Secretarios os Sr.s Margiochi.
V. de Gouvêa.
(Assistiam os Srs. Presidente do Conselho, e Ministros da Justiça, e Estrangeiros; e entrou depois o Sr. Ministro da Marinha).
Pelas duas horas da tarde, tendo-se verificado a presença de 35 D. Pares, declarou o Em.mo Sr. Presidente aberta a Sessão. Leu-se a Acta da antecedente, contra a qual não houve reclamação.

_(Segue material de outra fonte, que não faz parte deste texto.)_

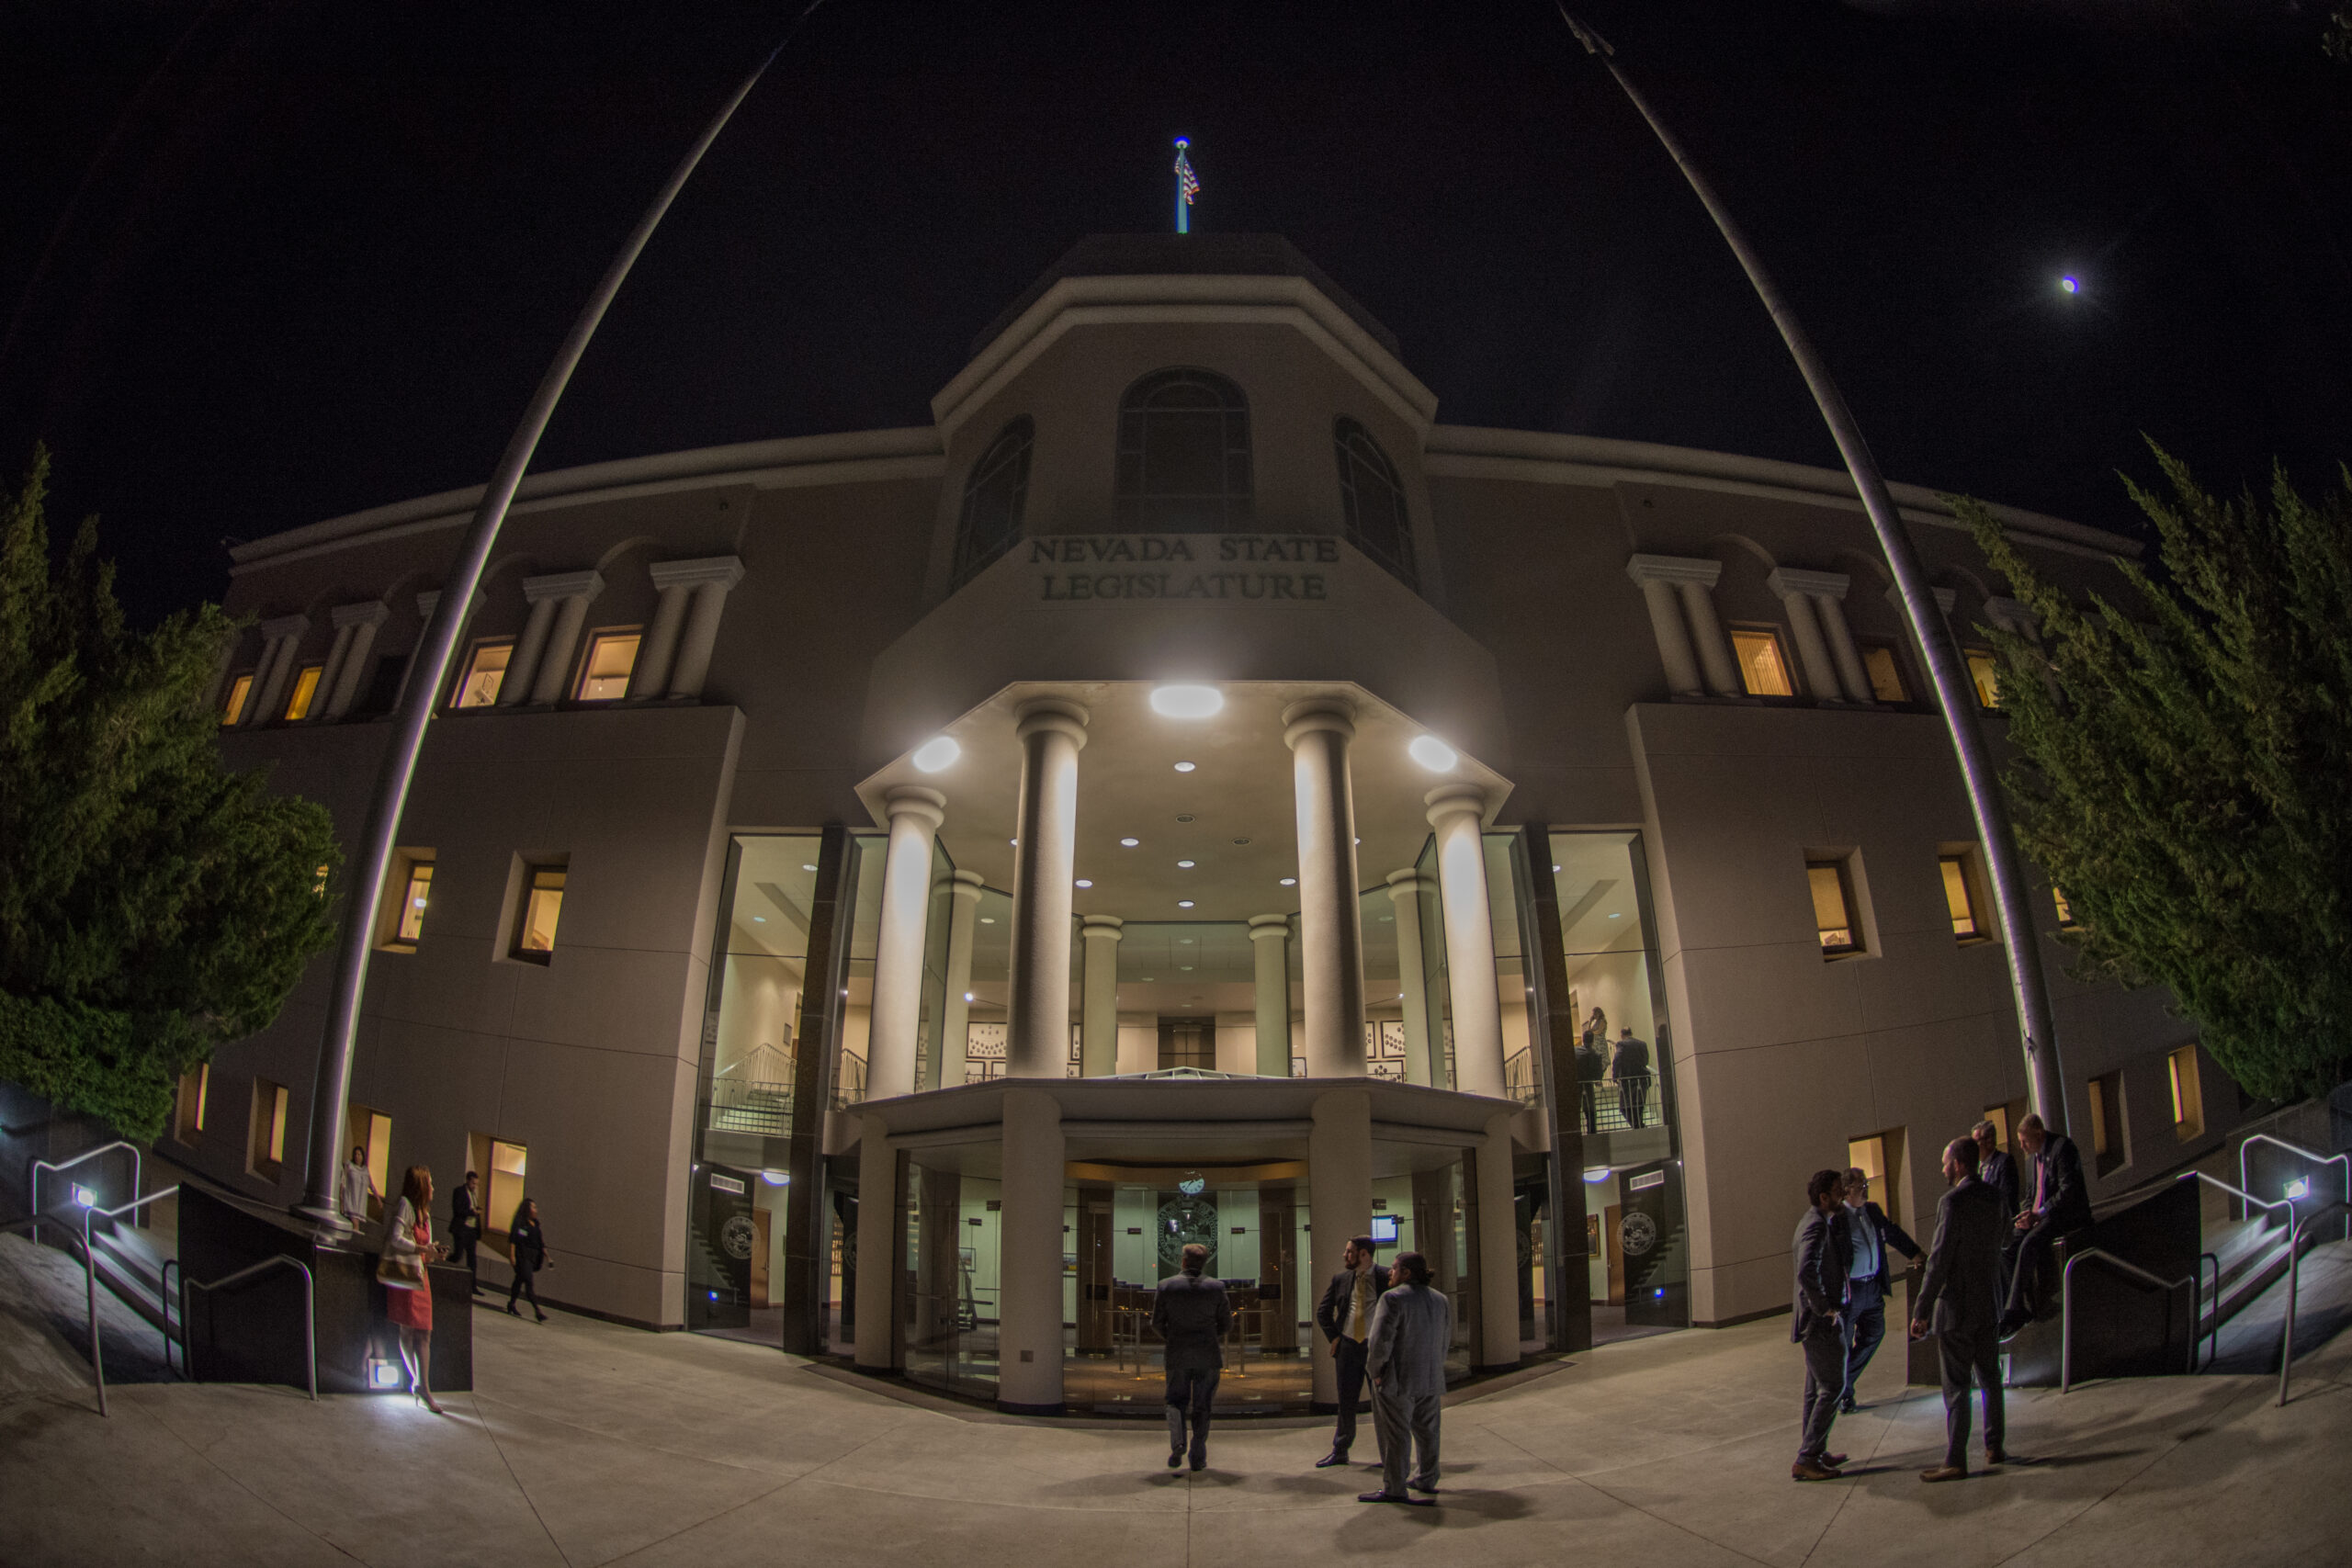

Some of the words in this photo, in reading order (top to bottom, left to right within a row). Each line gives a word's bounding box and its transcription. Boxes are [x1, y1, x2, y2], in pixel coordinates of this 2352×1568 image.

[1029, 537, 1194, 562] NEVADA
[1219, 536, 1340, 562] STATE
[1042, 573, 1328, 600] LEGISLATURE

O Sr. Presidente participou que a Deputação, nomeada na ultima Sessão para apresentar diversos Decretos das Côrtes Geraes á Sancção de Sua Magestade fóra recebida pela Mesma Augusta Senhora com a Sua costumada Benevolência. A Camara ficou inteirada. Deu-se conta da seguinte correspondencia: Um Officio do Ministerio dos Negocios da Marinha e Ultramar, com a data de 2 do corrente, remettendo sete copias de documentos, que lhe foram pedidos em Officio de 28 de Janeiro do corrente anno, a requerimento do D. Par V. de Sá da Bandeira, com relação á Commissão de que foi encarregado o Capitão de Mar e Guerra Graduado, José Joaquim Lopes de Lima.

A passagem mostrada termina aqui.